As the scope widens beyond status checks, the agent starts selecting tools dynamically based on intent. A shipping issue might route to “open_incident”, a refund request to “initiate_refund”, and a simple status query to “get_order_status”. You don’t encode a fixed tree of if-else branches; instead, the model chooses actions from a menu of tools defined by you or discovered via MCP.
At this point you introduce guardrails and risk evaluation around sensitive tools. Read-only operations might be executed directly, but anything that changes state (issuing refunds, cancelling orders, modifying addresses) passes through a risk-aware guardrail. High-risk actions require human approval; medium-risk actions may trigger extra confirmations; low-risk actions can proceed automatically.
Finally, you set operational boundaries and human handoff rules. If the agent hits a maximum number of failed attempts, encounters contradictory information, or faces a high-risk decision outside its remit, it hands off to a human support agent with all the accumulated context. This hybrid approach lets you safely deploy autonomy while maintaining control over edge cases.
Advanced reasoning frameworks and modern agent tooling
On top of these architectural basics, advanced reasoning frameworks help LLMs behave more like deliberate agents than black-box oracles. Two popular patterns are Chain-of-Thought (CoT) and ReAct (Reason + Act).
Chain-of-Thought simply asks the model to think step-by-step, decomposing complex questions into intermediate reasoning steps before producing a final answer. Research shows this can significantly improve performance on reasoning-heavy tasks in larger models, and it maps naturally onto the agent loop: each tool call fits into a broader chain of reasoning.
ReAct tightly couples reasoning with tool use. The agent explicitly alternates between thoughts, actions and observations: it explains what it intends to do, calls a tool, examines the output, and updates its plan. This pattern underpins many early autonomous agent systems like AutoGPT and BabyAGI, which dynamically generate and reprioritise to-do lists towards a user goal.

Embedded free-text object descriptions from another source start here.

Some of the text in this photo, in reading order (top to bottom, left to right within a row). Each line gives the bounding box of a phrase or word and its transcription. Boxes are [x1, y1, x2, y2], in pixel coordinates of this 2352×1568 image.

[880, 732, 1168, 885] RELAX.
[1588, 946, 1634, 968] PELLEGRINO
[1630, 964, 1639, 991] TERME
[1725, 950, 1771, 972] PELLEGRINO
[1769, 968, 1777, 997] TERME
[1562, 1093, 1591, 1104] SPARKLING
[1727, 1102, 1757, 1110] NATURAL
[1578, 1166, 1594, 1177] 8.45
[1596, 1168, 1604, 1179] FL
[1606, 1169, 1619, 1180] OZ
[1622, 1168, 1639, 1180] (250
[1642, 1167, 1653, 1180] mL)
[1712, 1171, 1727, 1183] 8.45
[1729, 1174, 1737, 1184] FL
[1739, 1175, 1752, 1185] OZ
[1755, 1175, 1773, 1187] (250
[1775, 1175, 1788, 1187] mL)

Modern frameworks and SDKs wrap these ideas into developer-friendly abstractions. Libraries like LangChain, LangGraph, CrewAI or smaller “smolagents” style toolkits provide building blocks for tool calling, graph-based workflows, multi-agent orchestration and persistent memory. Many of these toolchains also include guidance for custom agents in VS Code. Proprietary platforms from cloud vendors and players like OpenAI add higher-level constructs for agents, guardrails and evaluations.

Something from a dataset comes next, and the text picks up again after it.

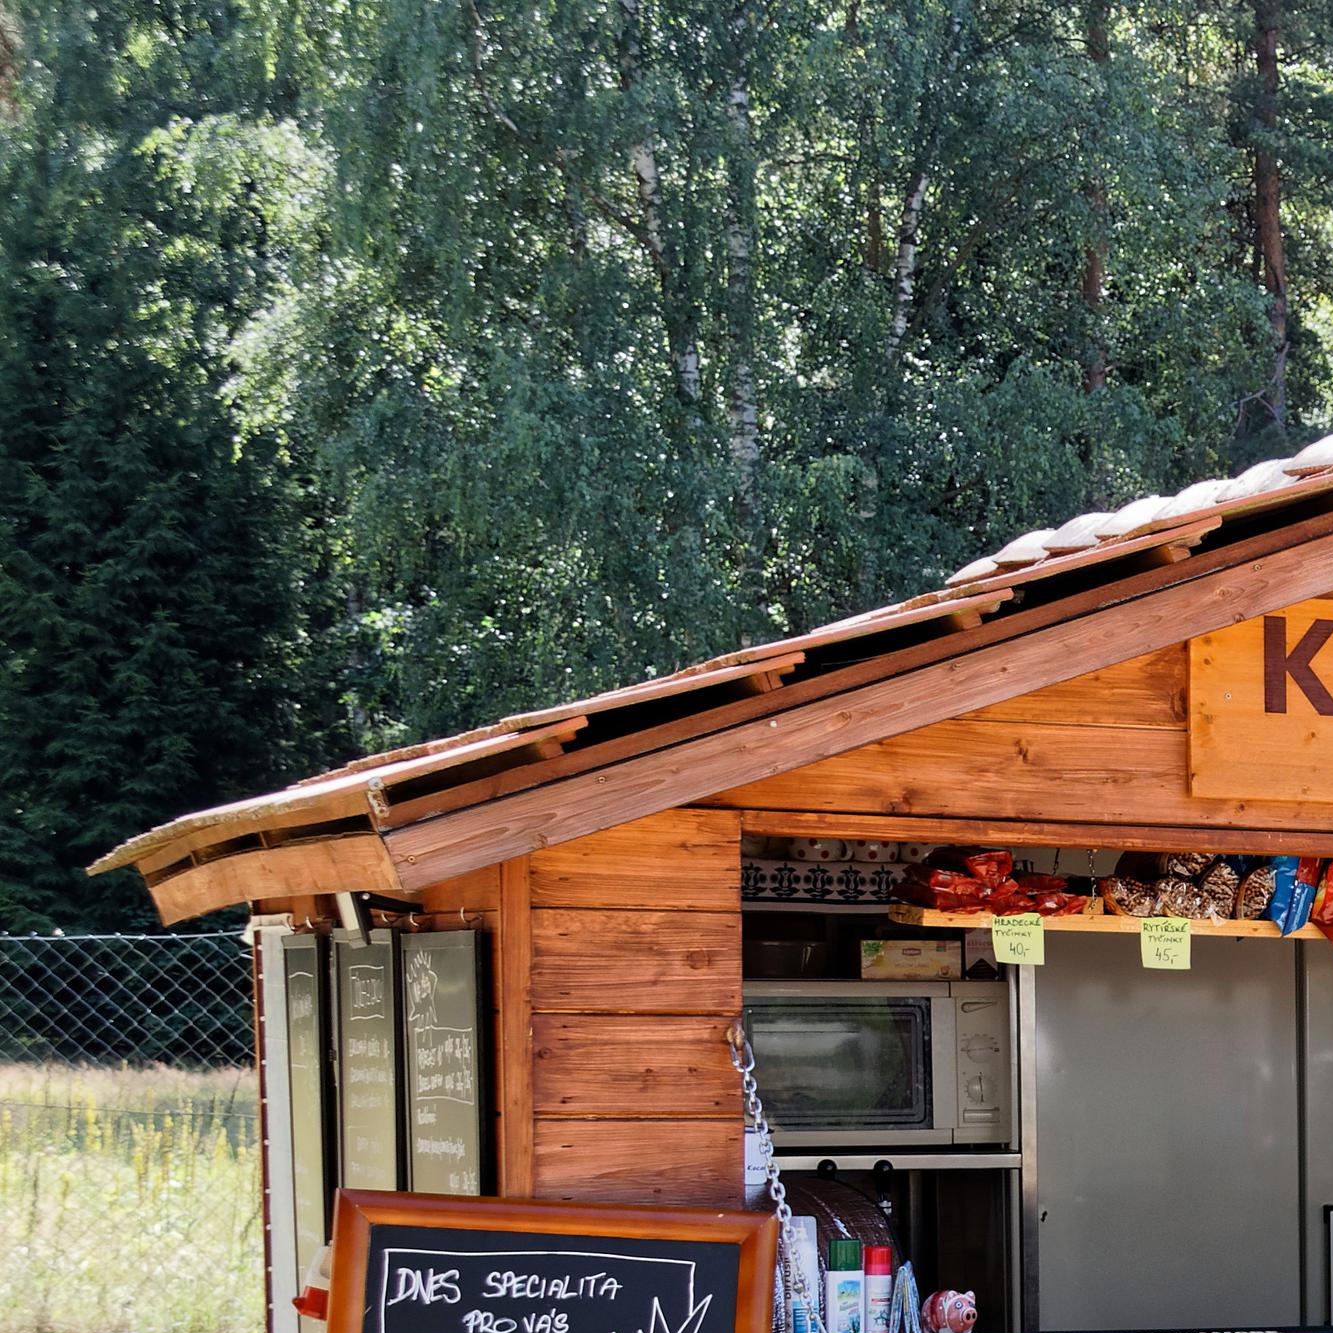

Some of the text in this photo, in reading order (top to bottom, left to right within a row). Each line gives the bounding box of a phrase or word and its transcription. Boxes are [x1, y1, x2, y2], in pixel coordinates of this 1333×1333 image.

[1009, 942, 1031, 957] 40,-
[1155, 946, 1180, 964] 45,-
[387, 1267, 624, 1306] DNES SPECIALITA

Importantly, these frameworks increasingly integrate with protocols like MCP, A2A and NLWeb. Instead of baking in one-off connectors, agents can plug into standardised capability layers, talk to external agents via Agent Cards, and treat NLWeb-enabled sites as first-class, natural-language APIs. This convergence between protocols and tooling is what enables large-scale, interoperable agent ecosystems.
All of this sits on a continuum from no-code to high-code solutions. Visual platforms in the no-code space let non-developers compose agent workflows and tools with drag-and-drop interfaces and natural-language configs. At the other end, high-code environments give engineers precise control over orchestration, evaluation and deployment, often combining frameworks with custom infrastructure on AWS, Azure or similar clouds.
Across this spectrum, the organisations that win are those that learn to architect agents, not just consume them. Understanding protocols, patterns and guardrails lets you go beyond “try a chatbot” experiments and towards robust, scalable automation: from internal analytics agents and developer copilots, all the way to multi-agent systems coordinating inventory, payments and customer experience in real time. As agents continue to mature, these design skills become a genuine competitive edge.